The poisoning case involving Frינוק baby fruit purée in Jerusalem is widening, and police are now trying to determine who may have put sedatives into the jars. Yael Biton, whose two daughters were hospitalized more than a month ago, described the episode on 103FM on Thursday, saying the children collapsed after eating just three teaspoons. “It was serious panic,” she said, recalling that she returned home to find the girls unconscious and the house full of crying children.
Biton said the family rushed to Hadassah Ein Kerem Hospital, where tests showed benzodiazepines in the girls’ urine. She said doctors told her the girls were stable, but stressed that the substance was a powerful sedative and that the amount found was extreme. Biton said she immediately asked police to examine the jar, telling them it was “poisoned” and that something in it had caused the collapse.
The child who fed the toddlers was Biton’s 11-year-old daughter, whom she said was deeply traumatized and suffered a panic attack and vomiting. Biton said the girl kept asking why she had given the food to her sisters. She added that the jar appeared to have been sealed tightly and that her daughter did not hear any sound when opening it, which only later made the family suspect tampering.

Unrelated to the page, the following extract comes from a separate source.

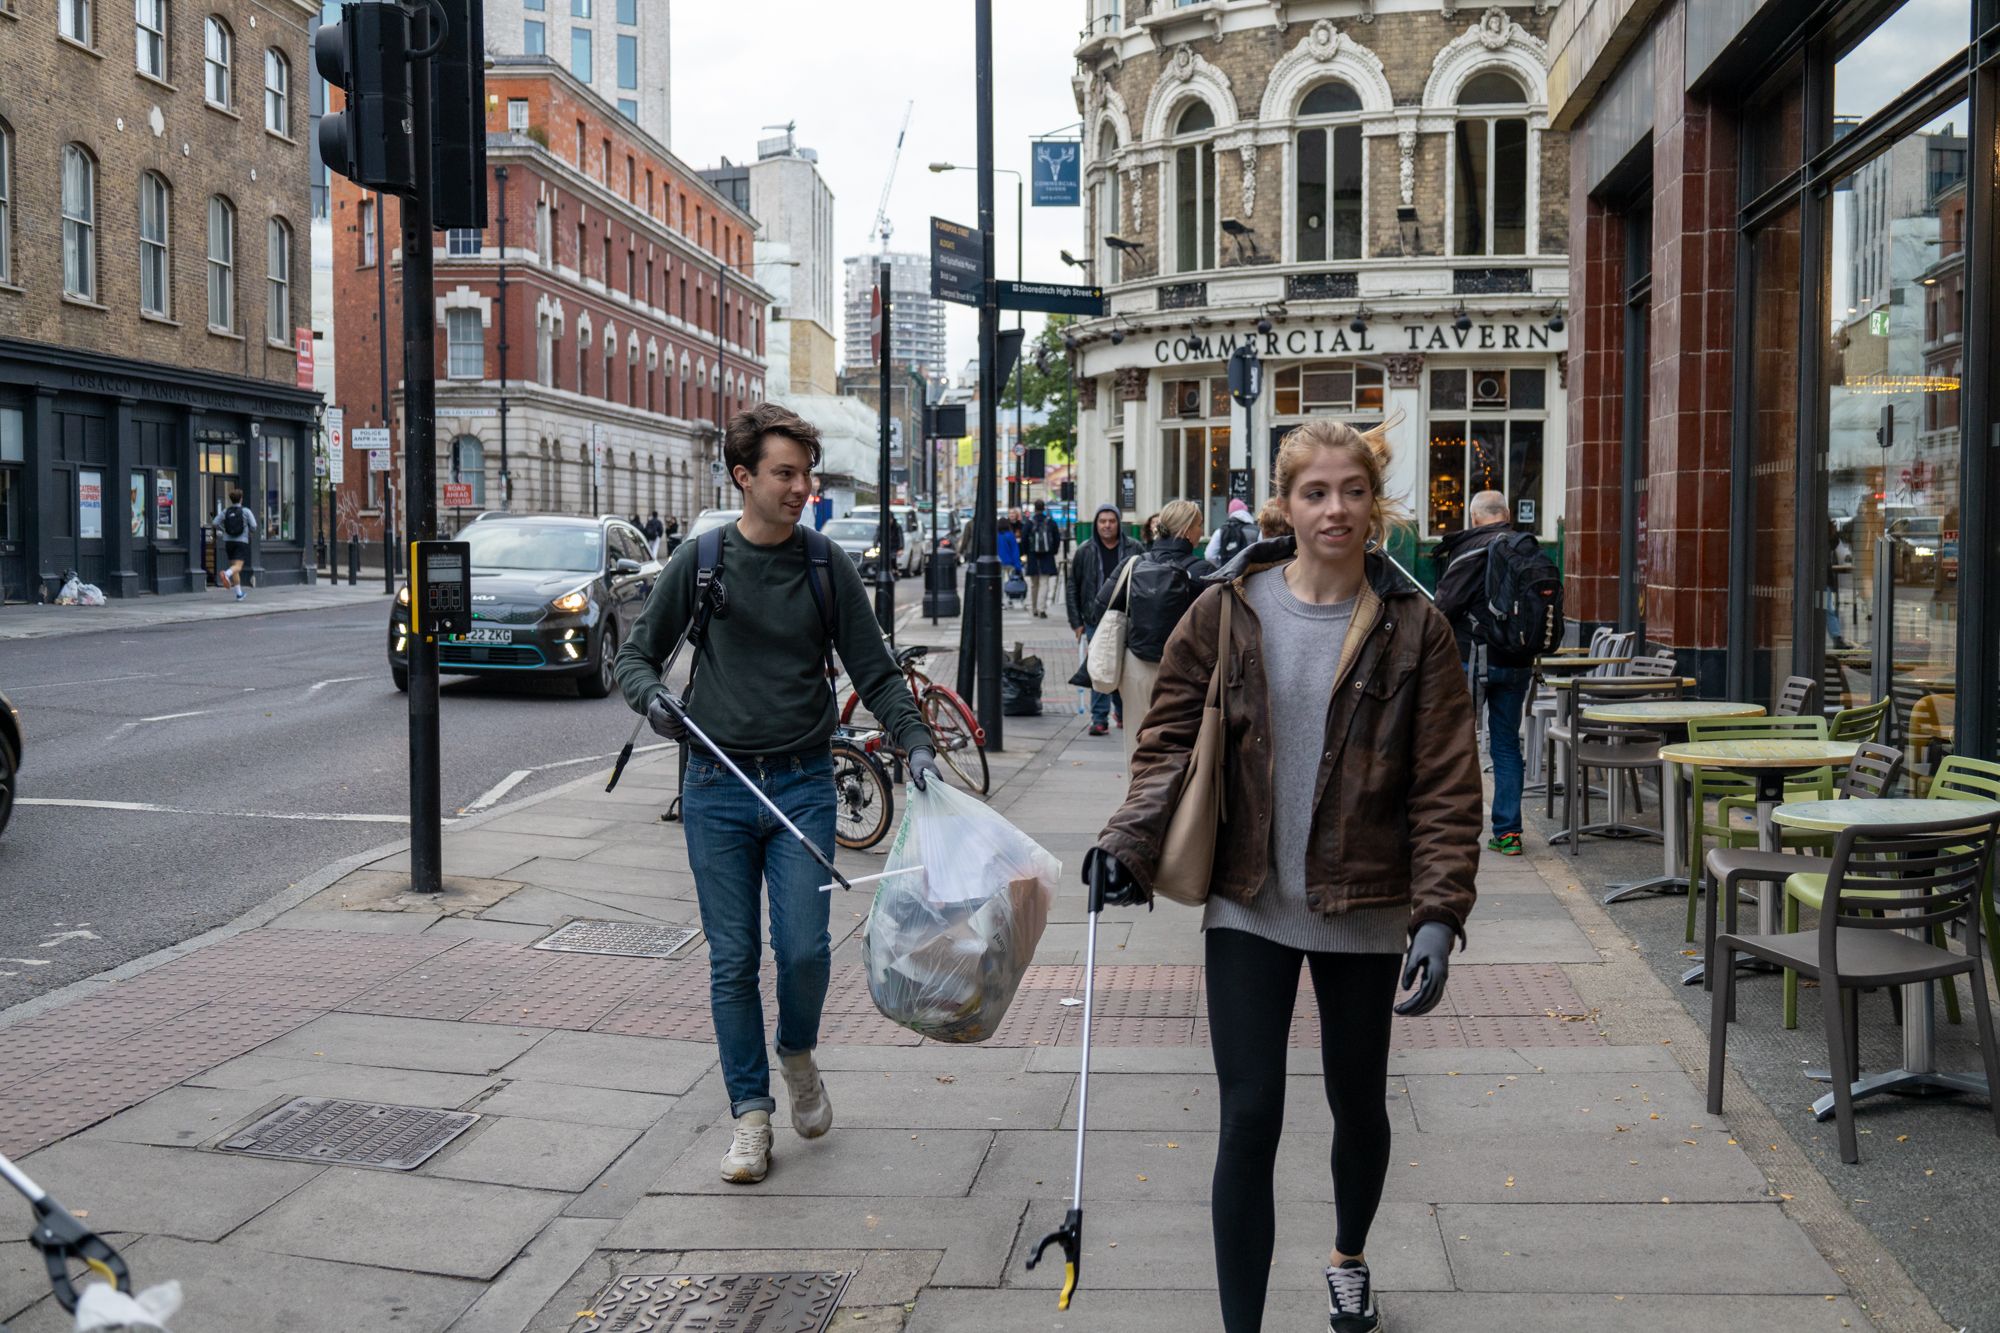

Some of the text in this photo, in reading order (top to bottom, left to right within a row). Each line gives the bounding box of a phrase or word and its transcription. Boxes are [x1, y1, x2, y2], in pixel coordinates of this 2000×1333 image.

[1020, 285, 1092, 297] Shoreditch High Street
[1155, 324, 1551, 363] COMMERCIAL TAVERN
[488, 630, 511, 641] ZKG

Biton also said police focused on the parents after the incident, calling her and her husband in for questioning as suspects in child abuse two days later. She said she asked investigators to look into a possible nationalist motive, but they did not address that request. Biton added that after another poisoning case last Thursday, involving a family she knows with the same symptoms and a similarly sealed jar, police finally understood that the jar itself may be the key to the case.